Some outliers are present also in validation data, particularly data points with overestimated TIs, i.e. having higher diversity than expected. As mentioned above, these data points probably often represent infections established by more than one founder virus. One patient had substantial overestimation of time since infection, which might be due to superinfection from different donors rather than multiple founders from a single donor. However, it should be stressed that almost all outliers are still within +/- 2 years from the true TI. Neither overestimation nor underestimation of TI was clearly related to genetic subtype of the virus, transmission route, virus levels or template numbers (S11 and S12 Figs).

Discussion

Many newly diagnosed HIV-1 patients have an infection of unknown duration. This is problematic because accurate estimation of the time since infection (TI) is essential for understanding important aspects of HIV-1 epidemiology such as incidence, proportion of undiagnosed patients and late presentation. Most previous methods are suboptimal because they only categorize patients as being recently or long-term infected and/or are imprecise. Here, we show that genetic diversity calculated from NGS data enables fairly accurate estimation of TI, even many years after infection. We also show that NGS is superior to Sanger sequencing because inclusion of minority iSNVs below the Sanger detection limit (around 25%) substantially improves the accuracy of the TI estimates.

We investigated how the TI estimates were influenced by sequence length, genome region, codon position, iSNV cutoff and type of distance measure. We found that the most precise estimates of TI were obtained using average pairwise distance or site entropy based on 3rd codon positions in the pol gene. For these data viral diversity increases approximately linearly during at least 8 years after infection, which allows estimation of TI during this time period. The accuracy of the TI estimate was approximately +/- 1 year in long-term infections, and slightly better during the first year of infection. The env gene was less suitable than pol for estimating TI, especially if longer time had elapsed since infection. This is because frequent selective sweeps in env continuously remove diversity and this effect becomes increasingly evident with increasing time since infection [17, 24]. This explains why the most accurate results were obtained using 2000–3000 base pair long sequences covering pol, while omitting env. We found that most of temporal signal came from 3rd codon positions (at which most mutations are synonymous) and that omission of 1st and 2nd codon positions slightly improved TI estimates for iSNV cutoffs (xc) below 10%, i.e. when the full potential of NGS was utilized. Diversity measures based on average pairwise distance and site entropy outperformed the measure based on fraction of polymorphic sites at low iSNV cutoffs.

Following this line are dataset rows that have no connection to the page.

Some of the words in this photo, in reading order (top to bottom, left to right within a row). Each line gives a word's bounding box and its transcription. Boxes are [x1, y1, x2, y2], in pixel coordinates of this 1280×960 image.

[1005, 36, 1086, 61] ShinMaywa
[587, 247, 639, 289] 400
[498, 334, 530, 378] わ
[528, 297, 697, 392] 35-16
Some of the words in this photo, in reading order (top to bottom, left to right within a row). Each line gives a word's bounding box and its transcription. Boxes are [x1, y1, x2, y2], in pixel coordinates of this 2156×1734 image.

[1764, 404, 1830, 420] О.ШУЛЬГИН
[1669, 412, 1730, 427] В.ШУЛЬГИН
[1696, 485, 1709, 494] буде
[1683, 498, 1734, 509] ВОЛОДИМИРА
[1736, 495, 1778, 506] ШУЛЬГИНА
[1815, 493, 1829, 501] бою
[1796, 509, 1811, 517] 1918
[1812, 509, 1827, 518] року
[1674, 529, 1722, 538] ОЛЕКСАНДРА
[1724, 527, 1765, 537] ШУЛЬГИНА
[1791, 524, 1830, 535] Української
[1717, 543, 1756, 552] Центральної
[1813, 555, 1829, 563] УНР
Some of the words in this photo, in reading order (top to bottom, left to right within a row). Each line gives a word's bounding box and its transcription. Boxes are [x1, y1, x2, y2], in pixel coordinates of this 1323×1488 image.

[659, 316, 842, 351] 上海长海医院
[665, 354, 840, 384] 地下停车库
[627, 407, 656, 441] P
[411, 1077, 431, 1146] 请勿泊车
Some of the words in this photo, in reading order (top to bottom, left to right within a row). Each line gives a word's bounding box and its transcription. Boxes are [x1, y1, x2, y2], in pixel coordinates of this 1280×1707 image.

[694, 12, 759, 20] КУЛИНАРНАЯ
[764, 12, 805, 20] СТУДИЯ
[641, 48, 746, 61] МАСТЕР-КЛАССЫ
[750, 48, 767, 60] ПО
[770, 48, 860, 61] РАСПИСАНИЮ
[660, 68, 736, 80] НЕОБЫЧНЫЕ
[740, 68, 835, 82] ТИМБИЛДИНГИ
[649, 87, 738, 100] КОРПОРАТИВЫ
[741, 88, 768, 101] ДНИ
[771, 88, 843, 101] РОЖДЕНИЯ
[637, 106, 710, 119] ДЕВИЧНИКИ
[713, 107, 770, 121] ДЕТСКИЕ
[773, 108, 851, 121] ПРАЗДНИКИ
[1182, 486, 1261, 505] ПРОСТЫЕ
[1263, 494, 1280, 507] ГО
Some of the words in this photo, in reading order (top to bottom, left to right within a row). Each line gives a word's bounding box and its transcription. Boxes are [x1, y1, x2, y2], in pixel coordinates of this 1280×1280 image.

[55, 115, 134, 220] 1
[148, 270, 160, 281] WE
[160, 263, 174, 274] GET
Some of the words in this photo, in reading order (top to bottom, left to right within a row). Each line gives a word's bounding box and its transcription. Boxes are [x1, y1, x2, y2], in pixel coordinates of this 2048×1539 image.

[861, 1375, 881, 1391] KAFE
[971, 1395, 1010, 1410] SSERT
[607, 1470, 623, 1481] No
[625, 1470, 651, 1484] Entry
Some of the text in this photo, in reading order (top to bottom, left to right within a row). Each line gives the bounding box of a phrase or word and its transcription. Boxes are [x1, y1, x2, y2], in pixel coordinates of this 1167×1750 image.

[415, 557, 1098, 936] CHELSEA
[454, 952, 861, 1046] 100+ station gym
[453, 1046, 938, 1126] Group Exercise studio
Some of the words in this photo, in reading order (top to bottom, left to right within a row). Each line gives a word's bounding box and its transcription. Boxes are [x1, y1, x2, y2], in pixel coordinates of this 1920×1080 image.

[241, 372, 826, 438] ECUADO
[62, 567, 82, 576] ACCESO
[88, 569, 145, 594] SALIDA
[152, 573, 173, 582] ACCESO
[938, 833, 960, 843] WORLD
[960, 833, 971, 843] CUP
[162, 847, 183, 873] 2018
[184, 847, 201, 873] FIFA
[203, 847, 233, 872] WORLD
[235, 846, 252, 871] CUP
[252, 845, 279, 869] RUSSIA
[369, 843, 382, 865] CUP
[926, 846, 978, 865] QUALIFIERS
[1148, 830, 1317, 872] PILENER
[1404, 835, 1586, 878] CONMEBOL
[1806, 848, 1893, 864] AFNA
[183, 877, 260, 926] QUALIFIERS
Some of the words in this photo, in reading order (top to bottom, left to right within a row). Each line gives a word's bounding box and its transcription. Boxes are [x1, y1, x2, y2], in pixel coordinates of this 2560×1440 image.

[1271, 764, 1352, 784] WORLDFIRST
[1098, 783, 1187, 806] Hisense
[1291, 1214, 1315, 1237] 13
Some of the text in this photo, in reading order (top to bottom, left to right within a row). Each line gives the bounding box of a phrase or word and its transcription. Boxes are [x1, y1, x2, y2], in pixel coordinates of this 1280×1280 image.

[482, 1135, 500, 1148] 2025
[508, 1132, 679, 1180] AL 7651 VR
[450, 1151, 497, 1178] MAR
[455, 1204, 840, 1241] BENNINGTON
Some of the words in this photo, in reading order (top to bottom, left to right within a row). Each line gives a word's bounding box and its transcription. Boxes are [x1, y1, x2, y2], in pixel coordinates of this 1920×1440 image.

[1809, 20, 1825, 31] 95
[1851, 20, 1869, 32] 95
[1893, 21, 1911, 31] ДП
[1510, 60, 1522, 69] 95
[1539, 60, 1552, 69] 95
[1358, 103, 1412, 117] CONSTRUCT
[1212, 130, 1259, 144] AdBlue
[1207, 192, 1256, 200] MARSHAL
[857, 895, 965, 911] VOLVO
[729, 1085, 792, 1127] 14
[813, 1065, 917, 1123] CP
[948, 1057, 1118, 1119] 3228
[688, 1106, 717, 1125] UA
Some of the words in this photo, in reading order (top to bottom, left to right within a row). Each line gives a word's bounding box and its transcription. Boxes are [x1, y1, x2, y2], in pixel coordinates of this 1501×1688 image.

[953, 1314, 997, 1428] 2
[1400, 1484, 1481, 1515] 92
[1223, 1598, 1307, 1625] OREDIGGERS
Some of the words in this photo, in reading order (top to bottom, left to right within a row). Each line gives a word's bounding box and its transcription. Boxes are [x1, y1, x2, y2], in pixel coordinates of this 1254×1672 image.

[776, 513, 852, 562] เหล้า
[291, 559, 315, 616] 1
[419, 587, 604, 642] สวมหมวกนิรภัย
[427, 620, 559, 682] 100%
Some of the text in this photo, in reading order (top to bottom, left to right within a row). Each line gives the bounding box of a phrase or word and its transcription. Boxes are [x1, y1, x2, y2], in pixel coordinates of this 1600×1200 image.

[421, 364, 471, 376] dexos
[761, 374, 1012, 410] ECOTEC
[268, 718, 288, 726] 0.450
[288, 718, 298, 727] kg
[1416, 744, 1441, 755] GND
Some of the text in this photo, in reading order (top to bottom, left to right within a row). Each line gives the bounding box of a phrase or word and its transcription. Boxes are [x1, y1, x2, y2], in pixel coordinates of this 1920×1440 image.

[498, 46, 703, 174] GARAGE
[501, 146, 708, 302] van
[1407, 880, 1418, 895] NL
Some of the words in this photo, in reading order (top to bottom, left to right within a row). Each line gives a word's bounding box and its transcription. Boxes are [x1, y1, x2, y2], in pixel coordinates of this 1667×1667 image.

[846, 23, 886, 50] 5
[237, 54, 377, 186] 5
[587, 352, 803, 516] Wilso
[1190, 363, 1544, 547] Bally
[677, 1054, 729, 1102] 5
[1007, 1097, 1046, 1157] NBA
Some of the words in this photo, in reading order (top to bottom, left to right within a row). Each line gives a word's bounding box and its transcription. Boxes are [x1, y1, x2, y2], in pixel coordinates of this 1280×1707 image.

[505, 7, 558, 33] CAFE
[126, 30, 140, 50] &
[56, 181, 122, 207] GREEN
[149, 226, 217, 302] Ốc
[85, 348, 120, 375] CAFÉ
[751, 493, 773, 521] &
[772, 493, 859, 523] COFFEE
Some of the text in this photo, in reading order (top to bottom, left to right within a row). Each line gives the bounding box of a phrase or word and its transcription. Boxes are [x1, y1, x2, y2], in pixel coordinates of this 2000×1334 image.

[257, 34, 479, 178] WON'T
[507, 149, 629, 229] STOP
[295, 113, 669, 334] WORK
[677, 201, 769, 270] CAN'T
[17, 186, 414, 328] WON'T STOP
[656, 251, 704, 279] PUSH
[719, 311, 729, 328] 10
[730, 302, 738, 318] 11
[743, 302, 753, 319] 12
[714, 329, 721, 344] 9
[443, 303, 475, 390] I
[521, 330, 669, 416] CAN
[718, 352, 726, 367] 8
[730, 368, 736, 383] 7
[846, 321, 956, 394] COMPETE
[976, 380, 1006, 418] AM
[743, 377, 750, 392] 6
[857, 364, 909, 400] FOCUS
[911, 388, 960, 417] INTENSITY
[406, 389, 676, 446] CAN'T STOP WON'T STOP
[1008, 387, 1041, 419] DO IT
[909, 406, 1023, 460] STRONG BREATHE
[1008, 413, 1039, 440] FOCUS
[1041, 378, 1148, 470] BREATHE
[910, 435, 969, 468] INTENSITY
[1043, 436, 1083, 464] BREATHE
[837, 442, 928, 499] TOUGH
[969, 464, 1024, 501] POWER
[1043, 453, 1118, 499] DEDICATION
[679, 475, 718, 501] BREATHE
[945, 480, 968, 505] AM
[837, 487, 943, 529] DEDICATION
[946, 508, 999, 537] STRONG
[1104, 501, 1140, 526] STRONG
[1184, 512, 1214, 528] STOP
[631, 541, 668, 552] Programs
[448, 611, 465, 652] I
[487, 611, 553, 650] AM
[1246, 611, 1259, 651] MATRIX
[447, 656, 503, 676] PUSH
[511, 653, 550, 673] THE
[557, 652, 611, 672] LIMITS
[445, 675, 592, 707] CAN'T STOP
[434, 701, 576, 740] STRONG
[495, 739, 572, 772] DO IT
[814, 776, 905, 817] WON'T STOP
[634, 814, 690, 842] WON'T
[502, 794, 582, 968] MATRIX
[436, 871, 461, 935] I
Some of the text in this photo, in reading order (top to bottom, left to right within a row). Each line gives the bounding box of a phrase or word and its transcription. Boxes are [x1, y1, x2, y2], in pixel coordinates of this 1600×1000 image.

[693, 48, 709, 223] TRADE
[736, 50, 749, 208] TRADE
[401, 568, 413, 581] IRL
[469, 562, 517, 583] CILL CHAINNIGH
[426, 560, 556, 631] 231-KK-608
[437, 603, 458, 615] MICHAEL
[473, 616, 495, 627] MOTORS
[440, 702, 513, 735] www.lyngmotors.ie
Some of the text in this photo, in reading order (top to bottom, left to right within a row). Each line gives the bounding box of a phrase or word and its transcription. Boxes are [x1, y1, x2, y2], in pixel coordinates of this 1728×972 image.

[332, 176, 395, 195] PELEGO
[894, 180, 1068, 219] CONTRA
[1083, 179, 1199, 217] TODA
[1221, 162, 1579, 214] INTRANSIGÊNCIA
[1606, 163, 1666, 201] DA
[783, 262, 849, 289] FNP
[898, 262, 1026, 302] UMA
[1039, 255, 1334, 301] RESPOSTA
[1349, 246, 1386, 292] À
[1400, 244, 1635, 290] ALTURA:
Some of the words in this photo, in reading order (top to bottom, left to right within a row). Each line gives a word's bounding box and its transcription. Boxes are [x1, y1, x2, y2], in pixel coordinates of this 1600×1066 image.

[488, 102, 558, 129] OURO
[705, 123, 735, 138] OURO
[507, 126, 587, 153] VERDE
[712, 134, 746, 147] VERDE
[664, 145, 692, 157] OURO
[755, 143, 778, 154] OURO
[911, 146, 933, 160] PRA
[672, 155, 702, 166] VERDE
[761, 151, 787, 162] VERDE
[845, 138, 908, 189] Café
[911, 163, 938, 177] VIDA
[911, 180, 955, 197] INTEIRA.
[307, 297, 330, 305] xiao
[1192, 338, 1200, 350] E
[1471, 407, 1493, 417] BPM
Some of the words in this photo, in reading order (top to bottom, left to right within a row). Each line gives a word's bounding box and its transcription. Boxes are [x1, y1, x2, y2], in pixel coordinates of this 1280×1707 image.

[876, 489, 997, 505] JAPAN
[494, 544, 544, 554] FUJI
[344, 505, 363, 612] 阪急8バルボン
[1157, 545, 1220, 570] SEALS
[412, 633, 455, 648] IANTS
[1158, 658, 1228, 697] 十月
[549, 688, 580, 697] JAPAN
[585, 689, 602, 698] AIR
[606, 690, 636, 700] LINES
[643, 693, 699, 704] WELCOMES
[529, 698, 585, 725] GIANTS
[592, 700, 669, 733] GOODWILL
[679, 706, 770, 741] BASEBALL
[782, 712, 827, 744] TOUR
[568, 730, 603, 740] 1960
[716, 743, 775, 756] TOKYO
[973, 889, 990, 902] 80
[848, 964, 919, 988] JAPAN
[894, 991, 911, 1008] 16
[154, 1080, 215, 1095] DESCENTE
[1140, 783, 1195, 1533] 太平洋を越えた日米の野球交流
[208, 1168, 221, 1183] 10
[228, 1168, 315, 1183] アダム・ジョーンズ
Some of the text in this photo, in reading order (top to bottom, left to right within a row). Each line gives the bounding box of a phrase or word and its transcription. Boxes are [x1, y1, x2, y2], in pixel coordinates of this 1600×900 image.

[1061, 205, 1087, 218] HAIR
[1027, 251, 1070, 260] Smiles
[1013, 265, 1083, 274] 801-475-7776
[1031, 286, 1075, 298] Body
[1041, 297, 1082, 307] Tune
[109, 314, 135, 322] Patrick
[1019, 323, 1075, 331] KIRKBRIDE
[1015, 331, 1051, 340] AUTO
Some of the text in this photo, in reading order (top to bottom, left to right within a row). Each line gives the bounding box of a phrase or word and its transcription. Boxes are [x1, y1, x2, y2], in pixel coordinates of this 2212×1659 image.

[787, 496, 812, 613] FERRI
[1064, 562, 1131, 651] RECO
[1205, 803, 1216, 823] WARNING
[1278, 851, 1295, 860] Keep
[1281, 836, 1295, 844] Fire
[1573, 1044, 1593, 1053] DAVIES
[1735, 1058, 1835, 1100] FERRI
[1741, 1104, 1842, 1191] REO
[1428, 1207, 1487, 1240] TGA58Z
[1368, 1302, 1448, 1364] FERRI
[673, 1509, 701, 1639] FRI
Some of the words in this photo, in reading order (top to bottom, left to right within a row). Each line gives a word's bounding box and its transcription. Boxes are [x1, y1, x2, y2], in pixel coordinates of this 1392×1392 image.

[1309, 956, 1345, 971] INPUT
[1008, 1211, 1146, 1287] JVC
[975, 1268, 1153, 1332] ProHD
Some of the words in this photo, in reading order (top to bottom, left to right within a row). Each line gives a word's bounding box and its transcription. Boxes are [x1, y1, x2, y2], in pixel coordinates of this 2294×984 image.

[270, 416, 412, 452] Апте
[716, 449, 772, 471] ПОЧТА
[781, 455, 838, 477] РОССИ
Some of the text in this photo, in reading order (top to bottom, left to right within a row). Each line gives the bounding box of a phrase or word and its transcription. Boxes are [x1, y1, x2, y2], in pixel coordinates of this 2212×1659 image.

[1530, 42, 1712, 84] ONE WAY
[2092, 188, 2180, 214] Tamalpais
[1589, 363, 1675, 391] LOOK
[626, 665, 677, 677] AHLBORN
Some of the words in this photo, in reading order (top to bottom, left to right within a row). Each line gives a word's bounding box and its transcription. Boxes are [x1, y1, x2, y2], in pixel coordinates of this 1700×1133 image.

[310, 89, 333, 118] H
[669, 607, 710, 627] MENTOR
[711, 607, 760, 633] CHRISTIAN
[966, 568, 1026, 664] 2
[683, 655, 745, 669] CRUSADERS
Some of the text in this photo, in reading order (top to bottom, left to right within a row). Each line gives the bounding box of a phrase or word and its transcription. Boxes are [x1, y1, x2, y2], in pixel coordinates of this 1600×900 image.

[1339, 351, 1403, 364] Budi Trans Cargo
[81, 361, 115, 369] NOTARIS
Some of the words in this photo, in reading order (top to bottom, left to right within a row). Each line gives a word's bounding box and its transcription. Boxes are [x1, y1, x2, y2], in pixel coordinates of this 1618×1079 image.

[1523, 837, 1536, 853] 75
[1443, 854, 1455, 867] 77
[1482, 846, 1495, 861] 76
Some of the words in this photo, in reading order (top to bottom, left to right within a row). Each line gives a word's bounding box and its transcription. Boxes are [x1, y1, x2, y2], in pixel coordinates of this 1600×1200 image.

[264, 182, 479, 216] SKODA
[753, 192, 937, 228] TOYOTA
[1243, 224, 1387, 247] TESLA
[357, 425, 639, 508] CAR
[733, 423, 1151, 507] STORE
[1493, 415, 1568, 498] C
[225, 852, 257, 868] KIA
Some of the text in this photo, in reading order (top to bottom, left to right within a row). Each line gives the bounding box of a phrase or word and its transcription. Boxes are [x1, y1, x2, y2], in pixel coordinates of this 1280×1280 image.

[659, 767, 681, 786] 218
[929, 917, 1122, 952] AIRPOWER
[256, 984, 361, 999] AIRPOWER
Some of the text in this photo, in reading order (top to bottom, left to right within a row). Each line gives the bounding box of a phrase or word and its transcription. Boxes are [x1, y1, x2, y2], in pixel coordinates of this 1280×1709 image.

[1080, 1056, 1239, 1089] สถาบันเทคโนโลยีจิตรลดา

Based on our results we make the following recommendations for TI estimation based on HIV NGS data; average pairwise distance on 3rd codon positions in pol sequences with the lowest possible cutoff for iSNVs (in our case 0.3%). Importantly, we have validated our recommendations by applying them to a validation dataset consisting of NGS data from 31 additional patients with known infection times. The accuracy of TI estimation for the validation data was as accurate and precise as for the training data, which confirms the applicability of our method for broader clinical and epidemiological use. For convenience we provide a table that translates viral diversity into TI as well as a web application that estimates TI for user-defined regions of the HIV-1 genome.

Even though we primarily have focused on estimation of TI in individual patients, our method can be applied to estimation of incidence in populations. Many methods for HIV-1 incidence estimation in populations have been based on biomarkers that classify patients as recently or long-term infected (e.g. the BED and LAg assays). [17]. Such binary classification can be done based on NGS data; if the diversity is less than a specified cutoff value Dcr infection is classified as recent, and otherwise as long-term. The cutoff between recent and long-term infections can be chosen by the investigator using Table 2 or the website. For instance a diversity of 0.0021 for 3rd bases on pol corresponds to 180 days since infection. However, we have not fully determined two test properties that are required for most binary incidence estimators; the mean duration of recent infection (MDRI) and the false-recent rate (FRR) [38]. The NGS data can also be used to directly model HIV-1 incidence based on TIs [39, 40].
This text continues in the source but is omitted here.